Every frosty early February, legal technology vendors, visionaries, and even villains have huddled in the bowels of the Midtown Hilton to show their wares and evangelize about the future of the legal profession. Hotel space in New York is relatively cheap during this window between New Year’s and anything approaching a pleasant climate — it’s a logical time to book up a giant hotel and schedule some meetings with high-profile clients.
As usual, Legalweek offered three days of non-stop information. Unlike the algorithms that vaguely drive every product on the floor, it was more than I could process in such a tight window. Thankfully the show provides easy enough access to whiskey to smooth the sharp edges of collecting all this data.
Over the past several years, the show’s exhibit hall has shrunk like the polar ice caps. The crowded burrows of ostentatious booths are both more sparse and subdued these days. Vendors still flock to Midtown in February, but within the Hilton and its neighboring hotels, many eschew the exhibit hall and set up in suites holding pre-arranged meetings even though the idea of disappearing into a nondescript suite in a strange hotel doesn’t feel like the best business strategy in the #MeToo era.
Consolidation is also certainly a factor — one of the biggest, showiest booths of a Legalweek a few years ago is completely gone, sucked up into another giant entity. For a show once jokingly called “eDiscovery Week,” that side of the tech aisle has shaken down to a few hearty competitors opening up space on the floor like when a massive tree falls in the forest. Will saplings grow to take its place before the neighboring venture-capital-funded trees crowd out the sunlight?

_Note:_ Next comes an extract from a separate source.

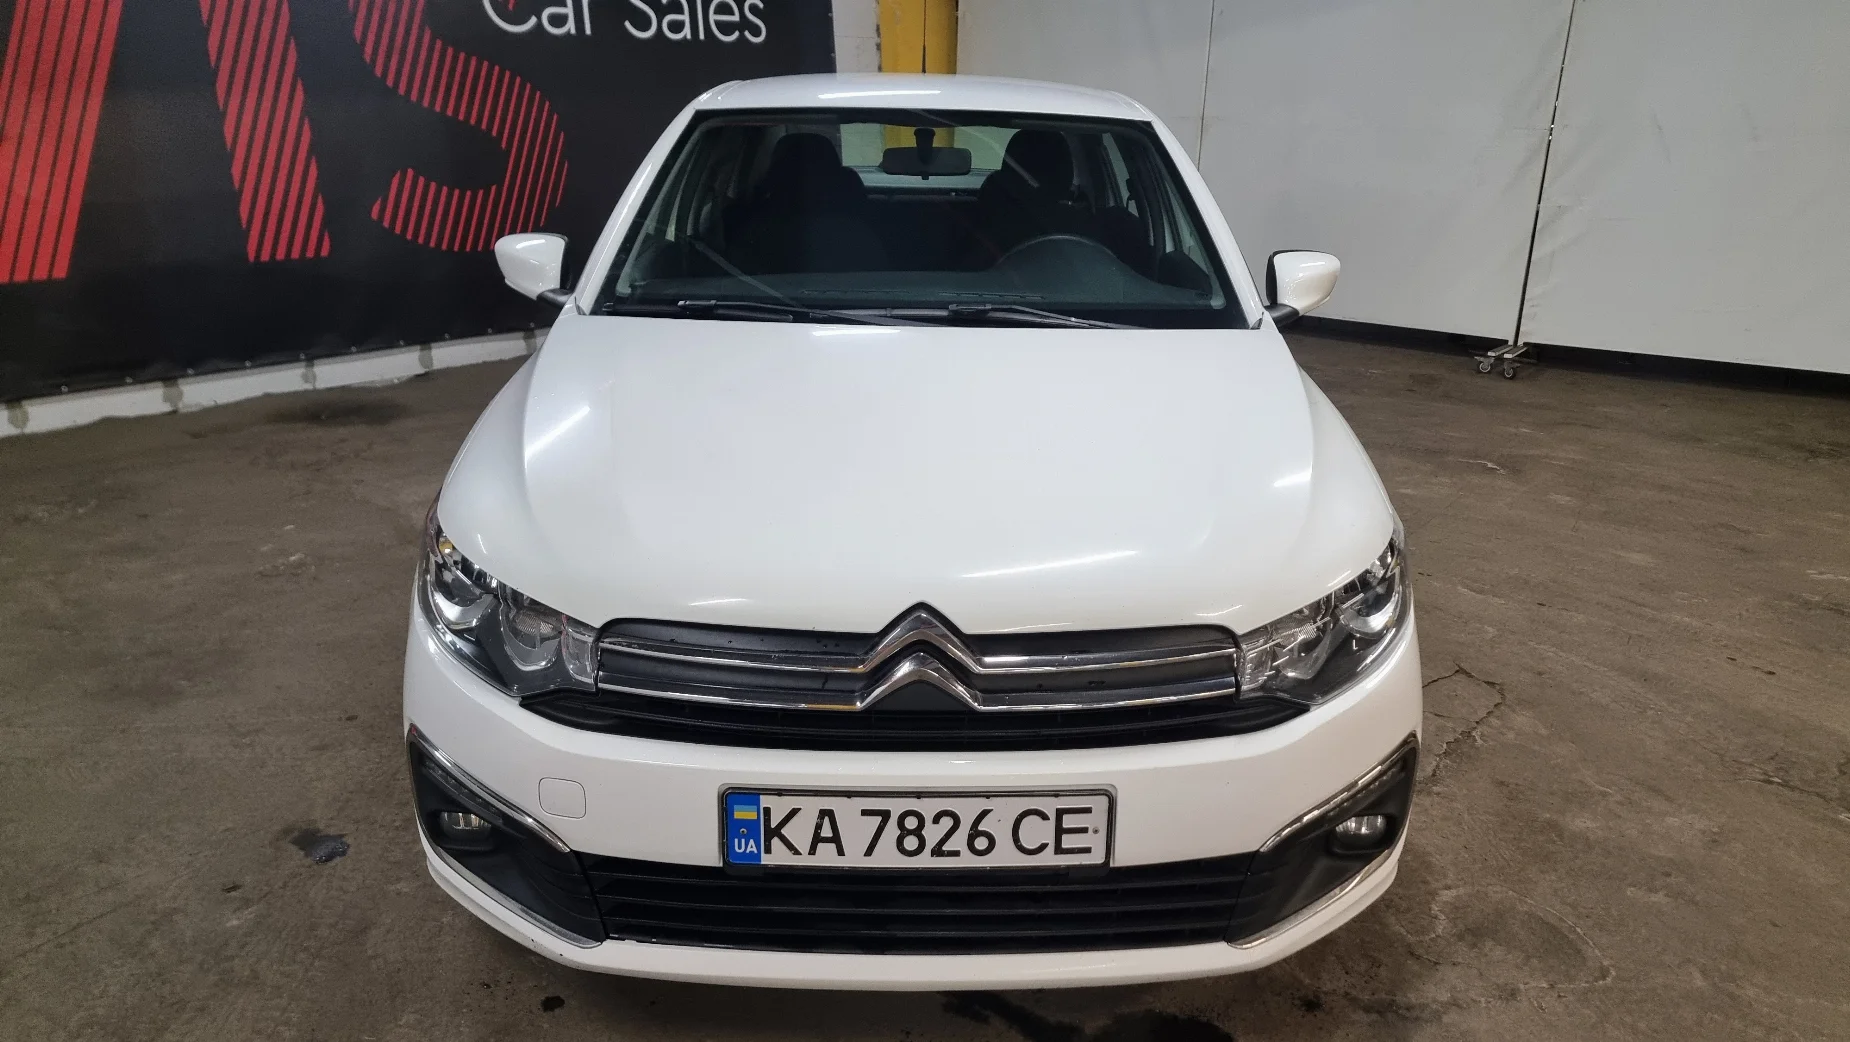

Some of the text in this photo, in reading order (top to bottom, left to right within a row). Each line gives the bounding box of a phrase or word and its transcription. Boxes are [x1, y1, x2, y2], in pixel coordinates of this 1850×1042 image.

[482, 0, 767, 44] Car Sales
[734, 838, 758, 854] UA
[763, 806, 1093, 858] KA 7826 CE

With the eDiscovery market in a maturing space, the transactional sector has jumped into the breach. It’s not like transactional side solutions haven’t been around for a while — Kira Systems was the very first tech vendor I met with as an Above the Law editor — but this year I kept finding myself talking about deals. SimplyAgree assumes clients who don’t want something to pretend to be all things to all people. Are you trying to close a deal? Then SimplyAgree provides a straightforward closing tool. BlackBoiler offers AI-assisted contract review that learns from past deals and company standards, but the focus in my conversation with them was on the ability to prove the value of the system to clients (or your partners) in real-time. Where eDiscovery analytics went a couple years back, transactional work is heading now. Evisort all offered different angles on making and managing deals. I watched Evisort’s system take a random contract — unstructured data — and yank the key terms out of it in seconds. Knowable is all about, well, knowing things. Specifically knowing if your contract has produced unclaimed proceeds by missing triggering events. Deal tech was all over the place.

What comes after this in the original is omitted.